子猫の鳴き声で母猫の母性が溢れだした瞬間
子猫の鳴き声で母猫の母性が溢れだした瞬間 image credit:our_fosterkitties/Instagram

 アメリカのネバダ州にある動物虐待防止協会(SPCA)に運ばれてきた妊娠中の猫は、不幸にも生まれたばかりの子猫を全て失ってしまった。
 母猫自身感染症にかかり、子猫も肺炎を患い、免疫力がとても弱くなっていたことから、治療を施すも回復することができなかったという。
 我が子を失い、母猫が深い悲しみに暮れているように感じたボランティアの女性は、SPCAの施設から孤児となった1匹の子猫を預かることに。
 すると、その子猫の鳴き声を聞きつけた母猫は、母性を露わにして甲斐甲斐しく世話をし始めたのだ。2匹は現在、本当の親子のようにしっかりと深い絆を育んでいるという。
・保護された妊娠中のメス猫、子猫を失う
 ネバダ州ラスベガスで、SPCA(米動物虐待防止協会)のボランティアをしているキャシー・スタンキヴィッチさんは、今年6月、SPCAに運ばれてきた妊娠中の猫“ミスティー”の仮里親になり、自宅へ引き取った。
 その数日後、数匹の子猫が生まれたが、母猫は上気道感染症に罹ってしまい、子猫も肺炎を患い免疫力がとても弱かった。
 獣医院のもと懸命の治療が施され、ミスティーの健康状態はなんとか回復したものの、子猫たちは生き伸びることができなかった。

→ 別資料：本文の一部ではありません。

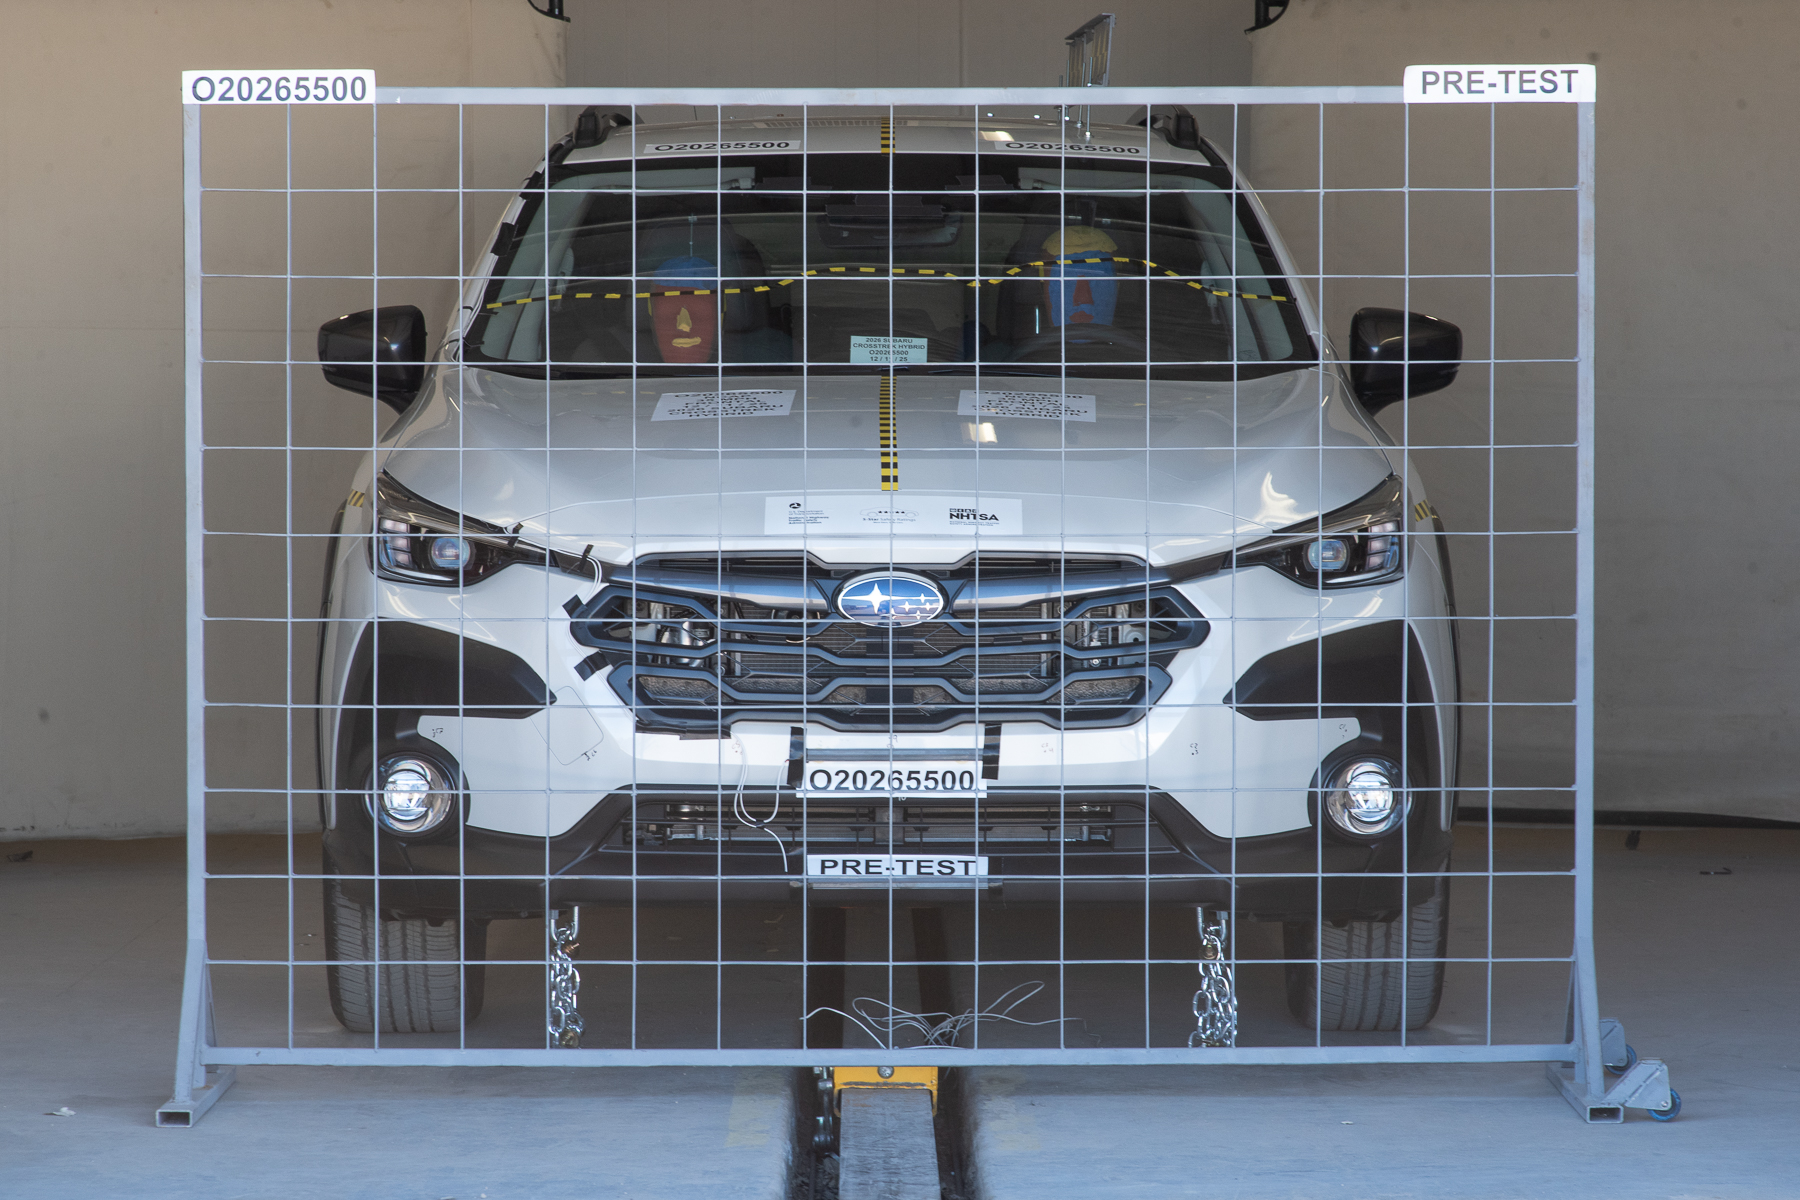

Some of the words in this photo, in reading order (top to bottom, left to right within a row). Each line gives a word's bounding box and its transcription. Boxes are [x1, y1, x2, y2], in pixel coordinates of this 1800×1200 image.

 生まれたばかりの我が子を失い、ミスティーが大きな悲しみを感じていると悟ったキャシーさんは、すぐにSPCAに出向き、孤児のオスの子猫を連れ帰った。ミスティーが子猫をとても恋しがっていると思ったからだ。
 
・子猫の鳴き声を聞いた瞬間、ミスティーは走り寄った
 その孤児の子猫は、体重がわずか85グラムでとても小さかったが、元気に鳴き声をあげ続けていた。
 キャシーさんが家に連れ帰ると、その鳴き声を聞きつけたミスティーはすぐに走り寄り、子猫の傍へやって来ると、真っ先に子猫のお世話を始めた。

ミスティーは、母親としてもう一度子猫の世話をすることを、とても喜んでいるようでした。

 キャシーさんの言う通り、ミスティーは悲しみと絶望を捨て、今目の前にいる生きた子猫を愛することに決めたようだ。
 子猫自身も新しい母親を得て、最初は鳴いてばかりいたがやがて落ち着き、ミスティーの腹部を探るような仕草をしたという。

 するとミスティーは、やさしく子猫を抱き寄せ、いたわるように子育てをし始めた。

我が子を失い、暗く悲しい1週間を迎えていたミスティーにとって、この子猫は一筋の光のような存在になったのです。その意味を込めて、サニーと名付けました。(キャシーさん)


・本当の親子のように深い絆を育む2匹
 以降、ミスティーとサニーは、互いに離れられない存在となった。
 本物の親子のように、2匹はいつも一緒だそうだ。サニーの子育てに熱中するあまり、餌を食べるのも忘れてしまうミスティーのために、キャシーさんは水と一緒に傍まで運んであげるのだという。
 ミスティーは、サニーが安全で、清潔に暖かい場所で愛されていることを確認するため、まさに24時間フル稼働で母親業にいそしんでいるようだ。
 サニーが初めて目を開け、新しい母親と初対面した時、ミスティーはやさしくサニーの顔を舐めて愛情を注いだ。
 ミスティーのかいがいしい世話のおかげで、1週間後のサニーの体重は150グラムに増え、現在もすくすく元気に成長中だ。
 互いの存在を必要としていることをまるで知っているかのように、ミスティーとサニーは絆をしっかりと育み続けている。

 なお、ミスティーとサニーの様子は、インスタグラムのアカウント「our_fosterkitties」で見ることができる。